SG : L’effondrement de l’économie-financière (et la crise des capitalismes), est due à une erreur du jugement, le paradigme du laisser-faire (et plus précisément faire de l’argent avec de l’argent, était et sera toujours une erreur suicidaire). Ce qui se joue aujourd’hui c’est le (ou les) leadership, les Etats-Unis ne veulent pas perdrent la main, d’ailleurs Obama prend une décision qui va dans ce sens en mettant les pieds dans le plat, en déclarant la guerre monétaire au Yuan chinois, donc à la Chine et par la même occasion un avertissement aux autres Nations, Russie en tête (les Chinois restent leurs meilleurs banquiers, et une agression trop ciblée contre les dirigeants chinois serait très mal interprétée, les conséquences à cette attaque pourraient-être une big récession de l’ex-leader mondial.) L’Euro ne fait pas le poids, malgré se qu’en pensent les europhiles, le pétrole et les échanges commerciaux se font encore sur la base de la monnaie étasunienne. Deux pays qui comptent sur le plan économique, la Chine et le Japon, n’envisagent pas de boycotter les bons du Trésor étasuniens, ces puissances économiques se soutiennent mutuellement, et tant que cet équilibre durera il sera bien difficile d’envisager un autre moteur à l’économie mondiale.
RB écrit : Il y aura pleinement bonapartisme si, jouant sur cette fibre « nationale », le clan présidentiel persuade la majorité des salariés, dont il prétend maintenant comprendre les aspirations, qu’en sauvant (malgré lui [1]) le grand capitalisme français, il sauve aussi les emplois et la dignité du monde ouvrier.
SG : Les comparaisons ne valent que ce qu’elles sont, c’est-à-dire pas grand-chose, Sarkozy ne représente que lui-même, un médiocre qui joue de ses contradictions (double langage, décisions et contre-décisions, toujours avantager les nantis etc.), mais cela n’a plus les effets escomptés sur le peuple, bien au contraire, Sarkozy fatigue, Sarkozy agace, les gens en ont marre de Sarkozy (qu’il soit salarié, ouvrier, électeur etc. ) Ses messages sont de plus en plus brouillés, voir totalement inaudibles et illisibles pour la majorité des gens.
Les vieux, qui étaient le fer de lance de son électorat, cette France frileuse, ne se reconnaissent même plus en lui, c’est dire…
On pourrait aussi bien le comparer au nain "Grincheux" de "Blanche Neige", qu’à un Luis de Funès sinistre à la démarche en canard, mais tout cela reste de vagues ressemblances comparé à ce qu’il est réellement, l’ami des patrons du CAC 40, des patrons d’agences de pub, d’instituts de sondage, de banquiers et autres parasites financiers.

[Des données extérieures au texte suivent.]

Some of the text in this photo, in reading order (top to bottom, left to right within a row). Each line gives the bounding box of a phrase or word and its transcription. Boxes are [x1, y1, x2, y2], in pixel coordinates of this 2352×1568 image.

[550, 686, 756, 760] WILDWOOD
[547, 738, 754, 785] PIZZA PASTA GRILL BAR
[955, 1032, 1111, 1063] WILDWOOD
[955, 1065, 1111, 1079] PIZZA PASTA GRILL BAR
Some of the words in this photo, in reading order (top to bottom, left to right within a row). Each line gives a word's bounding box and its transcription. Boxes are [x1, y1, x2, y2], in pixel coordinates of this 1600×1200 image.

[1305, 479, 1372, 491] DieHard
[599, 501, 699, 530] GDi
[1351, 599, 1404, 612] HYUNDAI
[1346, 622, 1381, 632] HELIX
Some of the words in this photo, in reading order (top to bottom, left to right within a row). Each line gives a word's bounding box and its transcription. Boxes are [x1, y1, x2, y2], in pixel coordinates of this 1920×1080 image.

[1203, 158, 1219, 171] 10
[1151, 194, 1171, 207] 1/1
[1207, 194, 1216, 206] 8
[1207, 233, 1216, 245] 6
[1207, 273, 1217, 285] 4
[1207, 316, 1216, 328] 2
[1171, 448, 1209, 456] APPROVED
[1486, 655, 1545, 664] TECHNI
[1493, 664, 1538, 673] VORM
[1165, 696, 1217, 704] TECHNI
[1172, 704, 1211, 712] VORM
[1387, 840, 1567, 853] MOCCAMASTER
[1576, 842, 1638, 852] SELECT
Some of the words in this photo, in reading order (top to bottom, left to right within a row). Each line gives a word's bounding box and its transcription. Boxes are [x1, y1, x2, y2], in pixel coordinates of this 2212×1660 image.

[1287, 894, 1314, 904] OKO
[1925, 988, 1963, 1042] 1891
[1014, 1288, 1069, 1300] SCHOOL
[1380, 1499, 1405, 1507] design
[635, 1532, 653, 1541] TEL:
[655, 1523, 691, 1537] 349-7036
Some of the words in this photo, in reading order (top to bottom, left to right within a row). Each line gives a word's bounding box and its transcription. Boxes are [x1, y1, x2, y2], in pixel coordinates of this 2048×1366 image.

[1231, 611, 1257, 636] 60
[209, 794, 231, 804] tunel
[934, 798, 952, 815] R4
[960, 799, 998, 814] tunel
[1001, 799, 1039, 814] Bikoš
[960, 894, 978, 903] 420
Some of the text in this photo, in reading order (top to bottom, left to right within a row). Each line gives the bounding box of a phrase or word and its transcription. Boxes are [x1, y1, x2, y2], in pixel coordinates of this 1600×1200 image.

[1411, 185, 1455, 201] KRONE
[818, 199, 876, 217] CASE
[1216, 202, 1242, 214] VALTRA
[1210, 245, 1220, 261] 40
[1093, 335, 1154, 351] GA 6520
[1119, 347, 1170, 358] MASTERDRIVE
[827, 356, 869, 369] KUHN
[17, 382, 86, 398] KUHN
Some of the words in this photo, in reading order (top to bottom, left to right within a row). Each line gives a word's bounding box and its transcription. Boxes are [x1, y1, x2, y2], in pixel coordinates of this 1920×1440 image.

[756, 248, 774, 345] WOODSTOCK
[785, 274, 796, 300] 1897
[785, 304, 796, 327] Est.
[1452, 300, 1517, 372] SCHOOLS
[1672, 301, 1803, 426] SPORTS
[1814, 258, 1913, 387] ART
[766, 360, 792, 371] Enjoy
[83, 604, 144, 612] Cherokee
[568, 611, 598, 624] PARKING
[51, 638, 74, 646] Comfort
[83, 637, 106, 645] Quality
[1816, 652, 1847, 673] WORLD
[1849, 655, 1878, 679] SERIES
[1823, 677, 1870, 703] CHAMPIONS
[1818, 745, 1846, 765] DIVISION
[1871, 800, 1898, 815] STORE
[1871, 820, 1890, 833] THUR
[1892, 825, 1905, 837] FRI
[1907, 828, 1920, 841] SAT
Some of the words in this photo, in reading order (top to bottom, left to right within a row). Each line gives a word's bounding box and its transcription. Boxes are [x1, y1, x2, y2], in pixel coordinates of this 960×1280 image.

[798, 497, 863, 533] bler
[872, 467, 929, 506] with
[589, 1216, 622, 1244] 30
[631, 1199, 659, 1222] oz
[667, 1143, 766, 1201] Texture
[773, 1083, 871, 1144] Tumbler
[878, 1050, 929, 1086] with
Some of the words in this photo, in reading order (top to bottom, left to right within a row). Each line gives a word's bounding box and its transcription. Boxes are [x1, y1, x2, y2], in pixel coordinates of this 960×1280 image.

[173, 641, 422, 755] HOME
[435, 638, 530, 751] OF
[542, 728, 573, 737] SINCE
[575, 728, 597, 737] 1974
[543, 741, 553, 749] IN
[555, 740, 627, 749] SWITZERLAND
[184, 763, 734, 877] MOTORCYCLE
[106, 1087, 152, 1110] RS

L’effet Sarkozy, c’est à chaque fois qu’il apparaît le déclenchement d’une froide colère, une hargne contre ce professionnel de la politique qui n’oublie jamais d’augmenter son salaire de monarque républicain, et demande cyniquement toujours un peu plus de sacrifices au peuple. Le peuple en a marre de Sarkozy, le peuple aimerait faire comme le peuple Islandais, en le virant des palais de la République.